Data extracted from a collection
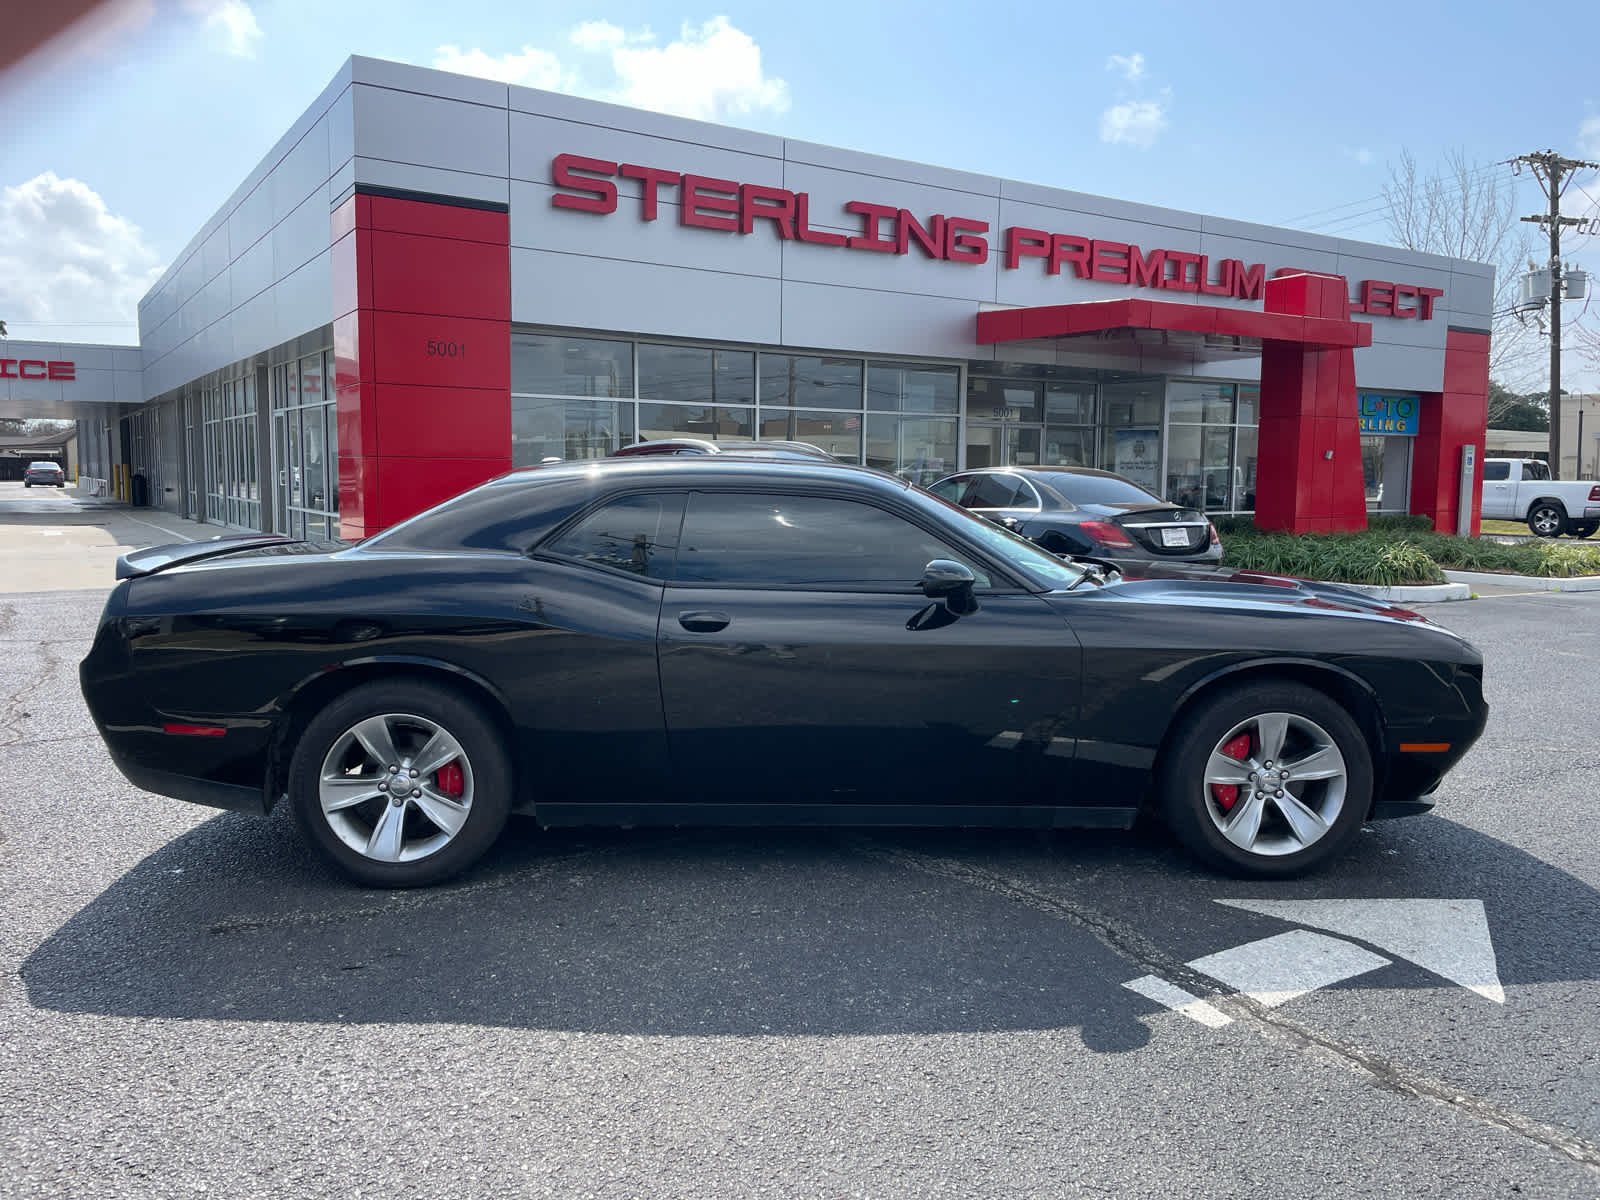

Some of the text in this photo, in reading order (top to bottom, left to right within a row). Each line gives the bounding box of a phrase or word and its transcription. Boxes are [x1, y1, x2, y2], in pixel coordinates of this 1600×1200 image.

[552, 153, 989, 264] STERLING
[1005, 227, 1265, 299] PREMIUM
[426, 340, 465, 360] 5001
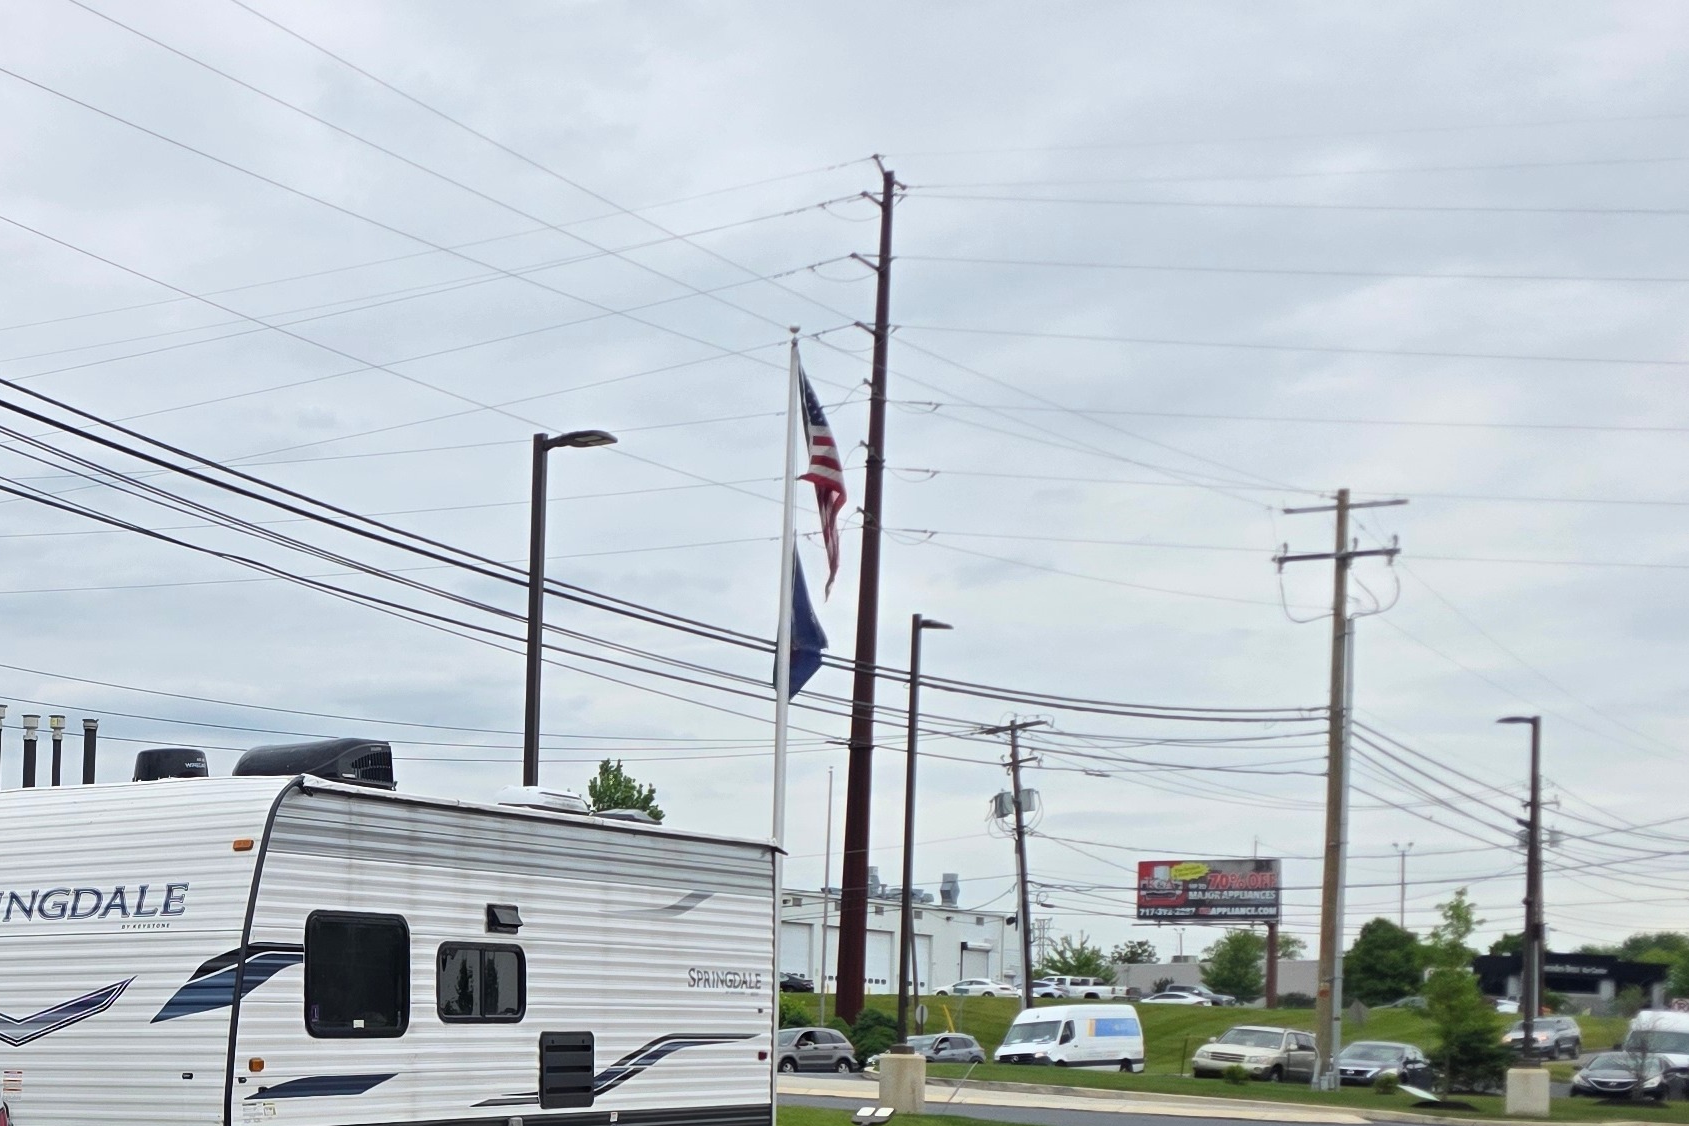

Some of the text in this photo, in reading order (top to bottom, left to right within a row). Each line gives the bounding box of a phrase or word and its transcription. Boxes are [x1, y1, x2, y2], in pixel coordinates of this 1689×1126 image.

§ **EXERCISE DIRECTIONS**:
Once the pictures are set aside, give every line above again without alteration.

§ **SOLUTION**:
Some of the text in this photo, in reading order (top to bottom, left to right within a row). Each line gives the bounding box of a phrase or word and its transcription. Boxes are [x1, y1, x2, y2], in pixel coordinates of this 1600×1200 image.

[552, 153, 989, 264] STERLING
[1005, 227, 1265, 299] PREMIUM
[426, 340, 465, 360] 5001

Some of the text in this photo, in reading order (top to bottom, left to right within a row). Each line gives the bounding box of a phrase or word and its transcription. Boxes are [x1, y1, x2, y2], in pixel coordinates of this 1689×1126 image.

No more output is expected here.